Data entries:
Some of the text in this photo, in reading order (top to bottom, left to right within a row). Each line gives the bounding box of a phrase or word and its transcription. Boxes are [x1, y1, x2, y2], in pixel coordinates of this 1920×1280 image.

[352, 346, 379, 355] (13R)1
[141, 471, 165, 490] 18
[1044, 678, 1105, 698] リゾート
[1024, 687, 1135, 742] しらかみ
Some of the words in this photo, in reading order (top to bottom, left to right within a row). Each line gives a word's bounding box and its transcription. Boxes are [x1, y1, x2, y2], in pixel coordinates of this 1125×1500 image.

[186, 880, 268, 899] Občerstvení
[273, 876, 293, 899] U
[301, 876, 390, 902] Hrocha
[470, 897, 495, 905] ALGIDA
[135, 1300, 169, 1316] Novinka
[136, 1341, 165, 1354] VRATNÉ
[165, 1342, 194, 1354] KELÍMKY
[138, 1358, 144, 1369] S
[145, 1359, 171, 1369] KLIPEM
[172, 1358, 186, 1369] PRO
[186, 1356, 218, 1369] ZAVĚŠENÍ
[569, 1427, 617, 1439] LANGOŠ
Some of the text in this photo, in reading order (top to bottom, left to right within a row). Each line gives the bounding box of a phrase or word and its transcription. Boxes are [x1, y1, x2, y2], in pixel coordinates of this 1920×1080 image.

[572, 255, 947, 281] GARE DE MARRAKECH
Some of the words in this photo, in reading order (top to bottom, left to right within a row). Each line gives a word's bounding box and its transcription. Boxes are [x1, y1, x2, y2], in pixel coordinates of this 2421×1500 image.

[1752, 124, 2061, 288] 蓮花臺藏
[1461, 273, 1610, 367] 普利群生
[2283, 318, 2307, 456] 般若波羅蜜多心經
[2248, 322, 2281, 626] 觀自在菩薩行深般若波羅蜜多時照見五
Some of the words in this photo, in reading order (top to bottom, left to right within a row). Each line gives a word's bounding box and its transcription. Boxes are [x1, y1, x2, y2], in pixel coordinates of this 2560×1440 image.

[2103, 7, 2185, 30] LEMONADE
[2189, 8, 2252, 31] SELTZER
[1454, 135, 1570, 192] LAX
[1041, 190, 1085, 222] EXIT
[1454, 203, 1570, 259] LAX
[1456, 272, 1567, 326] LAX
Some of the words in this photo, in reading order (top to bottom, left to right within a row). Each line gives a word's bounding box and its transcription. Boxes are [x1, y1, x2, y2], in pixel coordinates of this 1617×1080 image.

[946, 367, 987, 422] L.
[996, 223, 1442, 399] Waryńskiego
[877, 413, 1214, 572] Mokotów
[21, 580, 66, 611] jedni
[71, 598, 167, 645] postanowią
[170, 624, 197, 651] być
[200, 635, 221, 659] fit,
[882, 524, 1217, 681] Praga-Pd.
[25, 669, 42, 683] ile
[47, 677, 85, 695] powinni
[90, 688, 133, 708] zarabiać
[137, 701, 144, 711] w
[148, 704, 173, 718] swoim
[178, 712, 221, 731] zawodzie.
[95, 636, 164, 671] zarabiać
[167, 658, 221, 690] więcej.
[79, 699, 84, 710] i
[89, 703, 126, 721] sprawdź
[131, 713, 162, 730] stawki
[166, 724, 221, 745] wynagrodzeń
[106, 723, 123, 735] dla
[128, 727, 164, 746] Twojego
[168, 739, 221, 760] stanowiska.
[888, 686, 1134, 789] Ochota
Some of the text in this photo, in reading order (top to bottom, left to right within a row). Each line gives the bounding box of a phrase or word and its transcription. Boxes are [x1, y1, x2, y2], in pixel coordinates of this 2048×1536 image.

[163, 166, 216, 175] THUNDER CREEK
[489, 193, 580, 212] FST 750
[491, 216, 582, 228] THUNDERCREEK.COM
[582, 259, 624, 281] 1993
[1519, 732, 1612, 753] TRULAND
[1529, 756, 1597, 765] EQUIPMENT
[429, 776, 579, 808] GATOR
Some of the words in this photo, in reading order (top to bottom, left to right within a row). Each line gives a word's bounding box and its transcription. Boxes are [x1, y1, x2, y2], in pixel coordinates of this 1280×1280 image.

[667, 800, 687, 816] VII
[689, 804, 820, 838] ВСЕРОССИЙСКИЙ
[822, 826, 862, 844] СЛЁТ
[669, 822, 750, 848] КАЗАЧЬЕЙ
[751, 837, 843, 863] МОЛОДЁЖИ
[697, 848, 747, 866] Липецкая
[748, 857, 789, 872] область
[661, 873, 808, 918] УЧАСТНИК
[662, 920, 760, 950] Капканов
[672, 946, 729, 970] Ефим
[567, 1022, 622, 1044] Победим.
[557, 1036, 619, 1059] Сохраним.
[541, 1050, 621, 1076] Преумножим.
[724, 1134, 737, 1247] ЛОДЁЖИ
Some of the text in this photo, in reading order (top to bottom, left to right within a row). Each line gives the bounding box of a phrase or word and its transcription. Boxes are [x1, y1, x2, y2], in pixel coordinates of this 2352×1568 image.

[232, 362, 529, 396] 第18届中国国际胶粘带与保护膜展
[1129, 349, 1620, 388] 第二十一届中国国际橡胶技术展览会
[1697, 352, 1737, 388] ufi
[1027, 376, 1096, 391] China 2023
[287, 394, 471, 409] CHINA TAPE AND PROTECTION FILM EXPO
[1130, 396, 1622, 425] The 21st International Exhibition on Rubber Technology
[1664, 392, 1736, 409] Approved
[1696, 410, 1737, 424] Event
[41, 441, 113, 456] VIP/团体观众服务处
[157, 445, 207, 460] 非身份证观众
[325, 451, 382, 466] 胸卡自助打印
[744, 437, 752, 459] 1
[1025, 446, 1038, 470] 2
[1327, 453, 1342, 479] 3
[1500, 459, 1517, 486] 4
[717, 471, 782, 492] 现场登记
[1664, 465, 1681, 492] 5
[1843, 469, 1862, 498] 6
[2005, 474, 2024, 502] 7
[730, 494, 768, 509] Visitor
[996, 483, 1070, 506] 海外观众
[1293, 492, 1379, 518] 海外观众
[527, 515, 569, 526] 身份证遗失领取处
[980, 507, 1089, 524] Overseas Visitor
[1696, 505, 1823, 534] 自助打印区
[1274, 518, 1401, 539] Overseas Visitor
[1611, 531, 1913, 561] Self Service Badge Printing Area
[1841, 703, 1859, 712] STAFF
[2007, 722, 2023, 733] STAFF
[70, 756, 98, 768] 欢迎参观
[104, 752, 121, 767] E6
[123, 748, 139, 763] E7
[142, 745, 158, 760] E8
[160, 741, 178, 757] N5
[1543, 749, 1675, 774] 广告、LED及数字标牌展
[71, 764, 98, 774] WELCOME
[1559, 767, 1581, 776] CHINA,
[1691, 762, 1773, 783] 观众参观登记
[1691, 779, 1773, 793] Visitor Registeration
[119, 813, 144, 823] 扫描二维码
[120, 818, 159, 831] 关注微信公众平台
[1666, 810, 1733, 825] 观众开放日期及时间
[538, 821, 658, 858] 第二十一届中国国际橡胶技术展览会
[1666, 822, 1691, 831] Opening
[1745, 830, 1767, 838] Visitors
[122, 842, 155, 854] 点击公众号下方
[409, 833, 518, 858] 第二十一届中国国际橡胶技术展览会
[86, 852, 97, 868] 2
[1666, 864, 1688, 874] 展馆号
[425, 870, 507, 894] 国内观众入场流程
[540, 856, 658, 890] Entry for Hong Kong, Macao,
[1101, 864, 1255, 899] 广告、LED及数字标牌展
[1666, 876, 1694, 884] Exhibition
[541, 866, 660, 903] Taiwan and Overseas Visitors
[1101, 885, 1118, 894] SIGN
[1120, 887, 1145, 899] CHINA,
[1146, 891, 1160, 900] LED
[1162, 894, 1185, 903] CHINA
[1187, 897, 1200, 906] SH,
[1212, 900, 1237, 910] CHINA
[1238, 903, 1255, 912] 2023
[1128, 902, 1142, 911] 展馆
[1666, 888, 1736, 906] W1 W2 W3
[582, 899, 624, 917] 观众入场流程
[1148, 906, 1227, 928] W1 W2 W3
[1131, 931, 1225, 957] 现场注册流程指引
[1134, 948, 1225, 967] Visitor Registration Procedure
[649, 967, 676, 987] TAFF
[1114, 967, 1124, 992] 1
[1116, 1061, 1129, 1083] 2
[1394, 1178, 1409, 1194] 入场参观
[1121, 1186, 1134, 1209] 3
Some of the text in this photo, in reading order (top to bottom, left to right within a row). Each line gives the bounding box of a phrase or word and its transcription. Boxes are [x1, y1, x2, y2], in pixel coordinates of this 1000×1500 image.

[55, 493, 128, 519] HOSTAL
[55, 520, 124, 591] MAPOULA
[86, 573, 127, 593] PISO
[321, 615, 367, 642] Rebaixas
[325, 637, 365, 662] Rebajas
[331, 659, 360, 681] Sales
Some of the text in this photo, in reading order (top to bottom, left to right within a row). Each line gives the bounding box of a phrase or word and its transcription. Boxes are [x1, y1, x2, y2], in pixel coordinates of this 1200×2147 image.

Work to be completed:
The required result is an exact repeat of the records above from the line containing "this 1000×1500 image." to their final line.

Solution to this exercise:
Some of the text in this photo, in reading order (top to bottom, left to right within a row). Each line gives the bounding box of a phrase or word and its transcription. Boxes are [x1, y1, x2, y2], in pixel coordinates of this 1000×1500 image.

[55, 493, 128, 519] HOSTAL
[55, 520, 124, 591] MAPOULA
[86, 573, 127, 593] PISO
[321, 615, 367, 642] Rebaixas
[325, 637, 365, 662] Rebajas
[331, 659, 360, 681] Sales
Some of the text in this photo, in reading order (top to bottom, left to right within a row). Each line gives the bounding box of a phrase or word and its transcription. Boxes are [x1, y1, x2, y2], in pixel coordinates of this 1200×2147 image.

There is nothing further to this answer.